START TASK INPUT

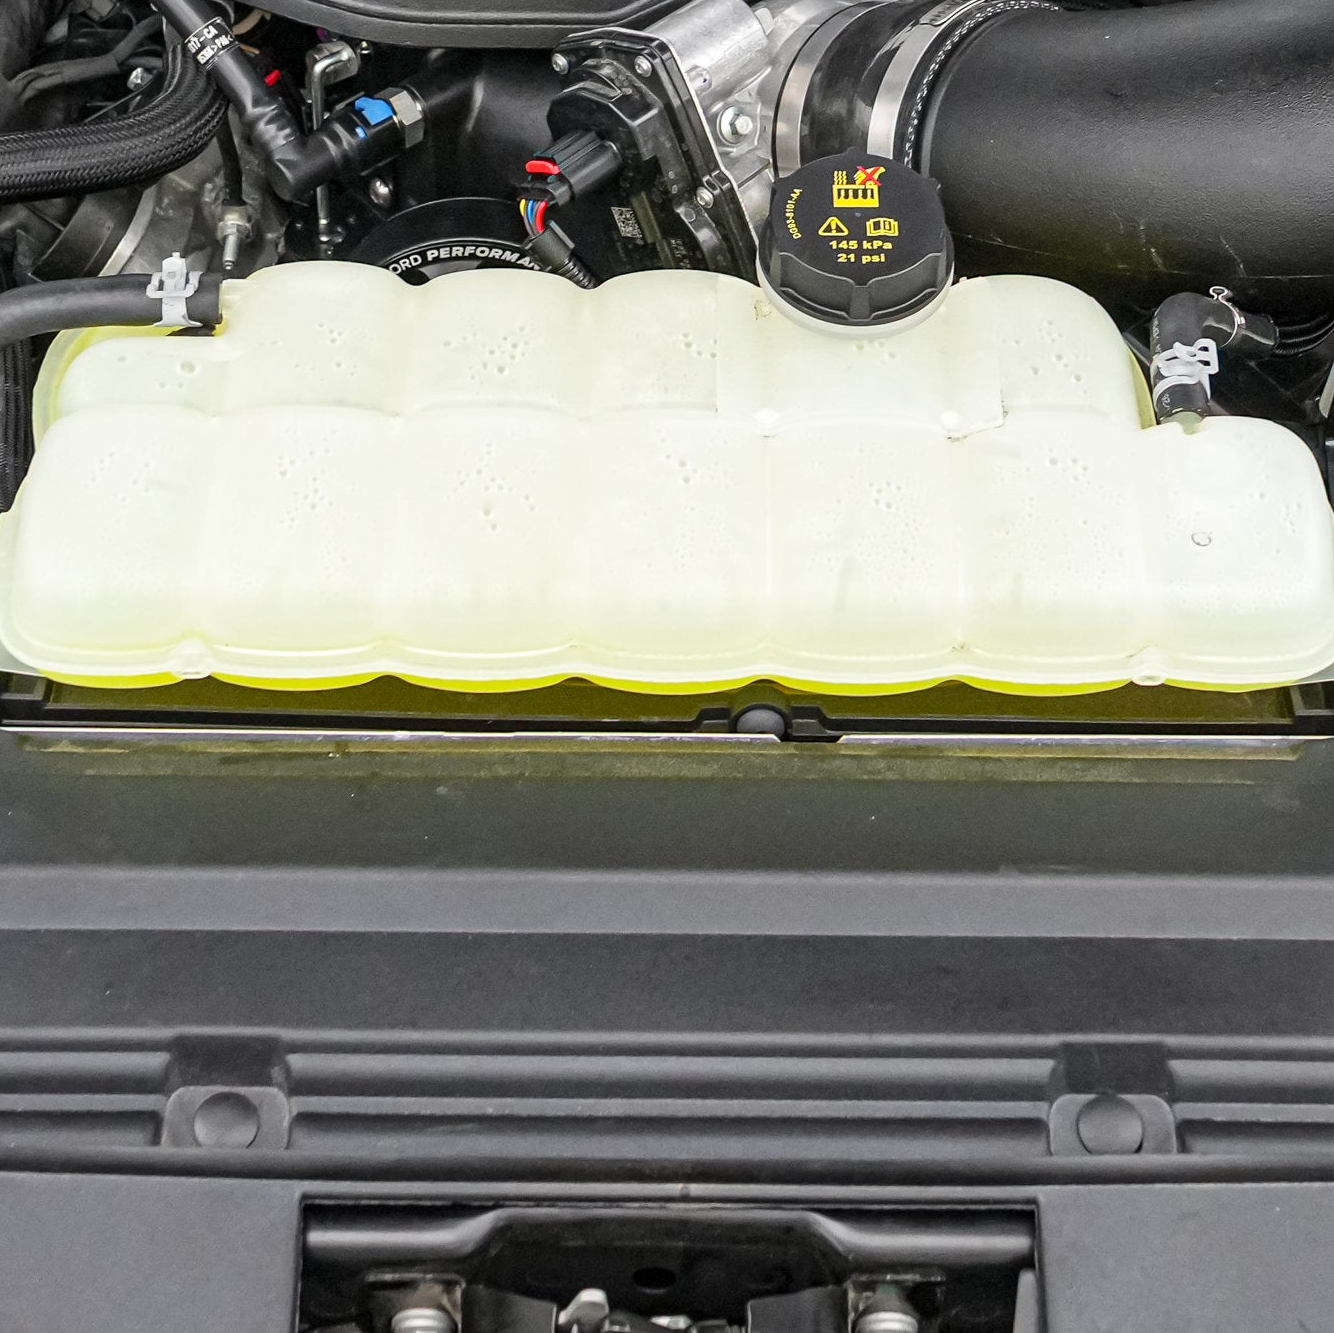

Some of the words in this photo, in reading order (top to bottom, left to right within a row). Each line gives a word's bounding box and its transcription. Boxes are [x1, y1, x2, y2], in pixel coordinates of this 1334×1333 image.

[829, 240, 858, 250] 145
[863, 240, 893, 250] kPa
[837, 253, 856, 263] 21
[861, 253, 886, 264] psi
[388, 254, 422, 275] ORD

END TASK INPUT

● REQUIRED ACTION
Your answer must be an exact copy of the records, free of images.

● RESULT FOR THIS EXERCISE
Some of the words in this photo, in reading order (top to bottom, left to right within a row). Each line gives a word's bounding box and its transcription. Boxes are [x1, y1, x2, y2], in pixel coordinates of this 1334×1333 image.

[829, 240, 858, 250] 145
[863, 240, 893, 250] kPa
[837, 253, 856, 263] 21
[861, 253, 886, 264] psi
[388, 254, 422, 275] ORD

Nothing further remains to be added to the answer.